By on August 9, 2018

The mayor of Durlach, Germany and other city officials at a reception for Brenda and John Landis. (Submitted photos)

For the past few years, residents of the town of Durlach in Germany have been re-discovering the town’s namesake in Lancaster County.

In reality, most Lancaster County residents haven’t “discovered” the American Durlach, which consists of a few houses up near a stretch of the Pennsylvania turnpike without entrance or exit ramps. But Durlach, Pa., has gotten some amount of attention from Germans who want to set up an informal “exchange” program to celebrate the joint roots from which Durlach, and other Pennsylvania small towns, have emerged.

Between the German and American Durlachs, there are big differences: Durlach in Germany has about 30,000 residents, while Durlach, Pa., has maybe a few dozen. But there are also striking similarities: both are situated near other towns of the same name — for instance, other northwest Lancaster County burgs like Shoeneck and more vibrantly settled places like Manheim. By strange coincidence, even the call numbers of both fire departments are the same.

All this has been found out after a German named Michael Nesselhauf came to visit his daughter, who was an au pair in Washington D.C., and stumbled on the town while researching the Amish.

According to Gary Landis, a Clay Township supervisor living just down the road from Durlach, the connection was made when the township manager sent him an email about Nesselhauf’s visit.

“We drove around and gave them a little tour,” Landis said. “I’ve noticed this with other Europeans — they’re fascinated (with county history).”

The Landis family also has specific ties to Durlach: Gary’s wife, Brenda, is related to the Eberly family that settled the town in the early 1700s when it was really just a woman and her six children.

Photo of a senior center event in Durlach Germany. Between the German and American Durlachs, there are big differences: Durlach in Germany has about 30,000 residents, while Durlach, Pa., has maybe a few dozen.

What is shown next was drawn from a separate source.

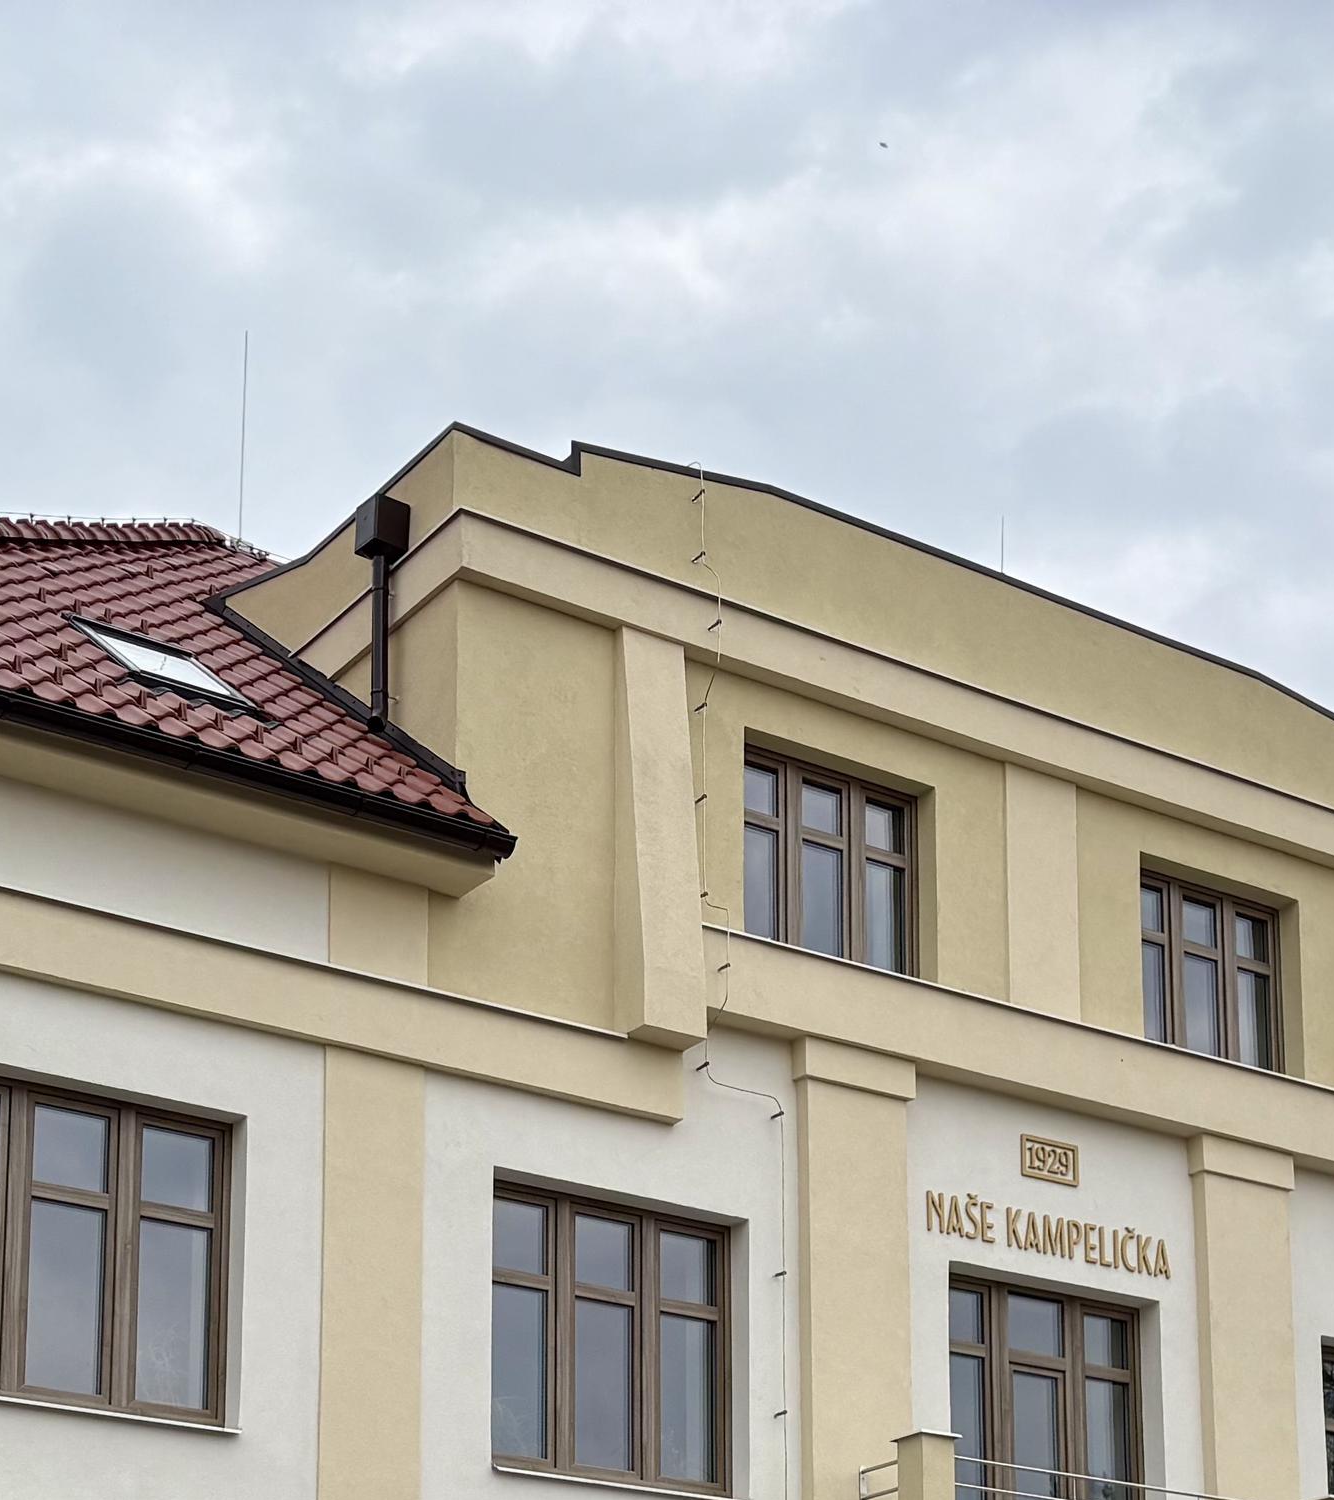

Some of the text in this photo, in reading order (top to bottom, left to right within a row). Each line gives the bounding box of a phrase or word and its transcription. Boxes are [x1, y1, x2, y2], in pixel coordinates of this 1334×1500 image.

[1026, 1143, 1071, 1176] 1929
[926, 1190, 1171, 1280] NAŠE KAMPELIČKA

A history fact sheet provided by the Landis family shows that after becoming separated from her husband due to a fluke problem on the European side of the Atlantic, Veronica Ulrich Eberly, formerly of Switzerland, landed in Philadelphia in 1727 and made her way to the then-unpopulated tract of land that is now Durlach. Her closest neighbors were Native Americans in what is now “Indiantown” a couple of miles away.

“The (Native Americans) took compassion on the mother and her children and treated them well,” the record states.

A house built in 1751 and a 1794 barn are both still standing.

With Gary on their beautiful county farm June 19, Brenda and son John recounted their visit to Germany for a “Stadtdenker” event thrown by mayor Alexandra Ries, where Durlach’s German residents gave them a grand tour, treating them, John said, like “dignitaries.”

“They were incredibly hospitable,” John said.

Some of the officials in the German Durlach, Brenda said, are keen to promote the trans-Atlantic connection.

“They really want the exchange,” she said, citing an upcoming trip to the U.S. planned by Ries in August.

In between Frankfurt and Stuttgart by the Rhine River, the German Durlach is around 30,000 people in a growing community that includes the historic Karlsburg Castle and some industry, for example, a sewing machine factory.

Learning more about both Durlachs gives Americans and Germans a better picture of their shared history; the travels of pioneering Germans in “Penn’s woods” and how Lancaster County and other areas of PA were originally settled. If you have time, drive up by 76 and take a look at a historic small community and the nearby Penguin Hotel and Bar, up in Stevens where Church Street meets Mount Airy Road. Some of these little places on the outskirts of Lancaster County have a lot to tell us about the past.

Justin Stoltzfus is a correspondent for the Ephrata Review.